İlaç-Gıda-Genom-Bilişim.. gibi küresel firmaların sahipleri olan, bir tek siyonist aile ve firmanın servetinin dünyanın en büyük ülkelerinden fazla. Terörist Nato örgütü ile Zelensky gibi cici oğlanları ile Rusyayı da mideye indirmek için harekete geçen siyonist soykırımcı-soytarılar hergeçen gün bütün insanlık tarafından görülmeye ve çözülmeye başlandılar..
Halklar ve kıtalar fakirleşip soykırım, savaş ve hastalıklarla mülteci yapılıp yok edilirken, düşürülürken.. Bu siyonist soykırımcılar dünyanın bütün kıtalarında dünya halklarının herşeylerine konmaya ele geçirmeye başladılar.. Düzmece 1.2. dünya savaşlarının ardından da bütün dünyayı ele geçirdiler..
Dünya halkları kıta kıta bu soykırımcı siyonist sergerde aile ve firmaları çözmeye giderek ablukaya almaya başladı..

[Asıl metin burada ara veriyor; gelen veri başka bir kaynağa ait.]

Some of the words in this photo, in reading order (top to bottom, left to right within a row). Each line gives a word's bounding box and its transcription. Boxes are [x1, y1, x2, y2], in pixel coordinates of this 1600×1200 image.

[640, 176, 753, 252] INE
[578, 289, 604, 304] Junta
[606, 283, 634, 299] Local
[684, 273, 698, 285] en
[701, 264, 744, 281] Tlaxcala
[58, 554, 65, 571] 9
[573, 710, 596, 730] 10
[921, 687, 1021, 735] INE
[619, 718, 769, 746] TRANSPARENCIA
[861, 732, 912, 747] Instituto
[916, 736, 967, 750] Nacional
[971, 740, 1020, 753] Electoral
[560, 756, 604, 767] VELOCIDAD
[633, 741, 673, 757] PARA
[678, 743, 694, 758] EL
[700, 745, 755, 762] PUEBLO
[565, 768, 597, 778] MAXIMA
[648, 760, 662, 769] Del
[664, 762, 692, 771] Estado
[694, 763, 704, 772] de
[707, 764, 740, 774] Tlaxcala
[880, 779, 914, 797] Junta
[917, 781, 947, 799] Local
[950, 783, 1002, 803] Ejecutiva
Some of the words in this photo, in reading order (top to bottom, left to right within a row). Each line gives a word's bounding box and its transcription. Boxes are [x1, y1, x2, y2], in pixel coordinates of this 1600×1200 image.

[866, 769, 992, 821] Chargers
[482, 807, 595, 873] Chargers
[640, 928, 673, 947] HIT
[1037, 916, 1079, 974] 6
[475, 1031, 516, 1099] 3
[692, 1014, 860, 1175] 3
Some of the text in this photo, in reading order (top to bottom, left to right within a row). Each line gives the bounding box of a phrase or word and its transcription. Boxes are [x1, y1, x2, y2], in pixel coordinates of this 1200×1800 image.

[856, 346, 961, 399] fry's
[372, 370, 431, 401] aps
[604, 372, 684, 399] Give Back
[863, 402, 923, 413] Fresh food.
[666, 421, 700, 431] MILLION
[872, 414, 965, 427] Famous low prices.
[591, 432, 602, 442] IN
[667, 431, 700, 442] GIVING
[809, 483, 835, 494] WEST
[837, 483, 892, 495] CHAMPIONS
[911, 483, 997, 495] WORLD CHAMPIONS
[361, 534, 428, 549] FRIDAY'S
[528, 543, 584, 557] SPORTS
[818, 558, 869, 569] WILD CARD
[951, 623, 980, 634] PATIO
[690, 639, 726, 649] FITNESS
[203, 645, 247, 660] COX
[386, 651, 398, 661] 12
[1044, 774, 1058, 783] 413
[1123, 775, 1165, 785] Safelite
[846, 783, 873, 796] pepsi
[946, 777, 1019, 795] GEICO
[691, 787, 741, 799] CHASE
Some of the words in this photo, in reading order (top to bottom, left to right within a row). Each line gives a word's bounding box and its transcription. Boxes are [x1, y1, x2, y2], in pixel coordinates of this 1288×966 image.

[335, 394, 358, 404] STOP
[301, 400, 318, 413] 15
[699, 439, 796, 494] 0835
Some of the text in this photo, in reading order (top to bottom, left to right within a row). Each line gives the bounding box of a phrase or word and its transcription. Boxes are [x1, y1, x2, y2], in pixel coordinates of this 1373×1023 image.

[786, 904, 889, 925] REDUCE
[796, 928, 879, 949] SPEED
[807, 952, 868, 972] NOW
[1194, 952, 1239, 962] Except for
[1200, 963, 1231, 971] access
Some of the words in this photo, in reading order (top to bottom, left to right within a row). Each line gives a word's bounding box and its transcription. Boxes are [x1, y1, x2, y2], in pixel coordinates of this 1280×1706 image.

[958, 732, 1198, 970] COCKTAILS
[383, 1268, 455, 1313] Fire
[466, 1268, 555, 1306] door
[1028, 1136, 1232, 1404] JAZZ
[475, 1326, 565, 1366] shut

Burada dünya halklarının, ulusların birbiriyle buluşmasını engelleme, siyonistlerin yüzyıllardır yok etmeye çalıştığı dünyanın imparatorluk, kraliyet, soylu aile ve sülalelerin birbiriyle buluşmasını engellemek yönünde insanlığın harekete geçmemesi için özellikle Avrupa da ırkçı saldırılarla hedef yanıltmaya, faşizmi tavan yaptırarak dünya halklarının ortak noktalarda birbiriyle buluşmasını engelleme yönünde ne gerekiyorsa yapmaya, hatta güçleri yeterse devletler arası nükleer savaş çıkararak insanlığın kendilerini yargılamasından kaçmak için her yol yönteme başvuracaklar..
İnsanlık Ortadoğu-Asya ve tüm kıtalarda halklara ait ne varsa siyonist şatolara taşıyan soykırımcıların tüm oyunlarını boşa çıkaracak ve hepsini teker-teker avlayarak hesap soracak, insanlık kıtalar bazında federasyonlara, dünya bazında ise konfederasyona geçerek..
İnsanlık, uzayda kolonileşme, her insana bir gezegen .. Boyutuna açılıyor.. Bu açılımın ana yolu ise soykırım-gaspla insan beynini kitleyen, insanı köleleştiren, insanlara ait ne varsa şatolarına taşıyan, özgür irade ve düşünceyi ortadan kaldırarak insan soyunu düşünemeyen, hastalıklı salak hayvanlara çeviren siyonist terörizmi ve ardiyesindeki sermayeyi yok etmekle mümkün olduğunu tüm insanlık giderek görmeye ve kıtalar bazında harekete geçmeye başladılar.. Yüzyıllardır dünyamızı binbir şeytani oyunla ele geçiren, insan soyunu sıfırlamak için operasyon üstüne operasyon yapan siyonizim insanlığın kendilerine yönelmesini durdurmak için biyolojik, nükleer vb. her silahtan her oyuna herşeyi kullanacaktır..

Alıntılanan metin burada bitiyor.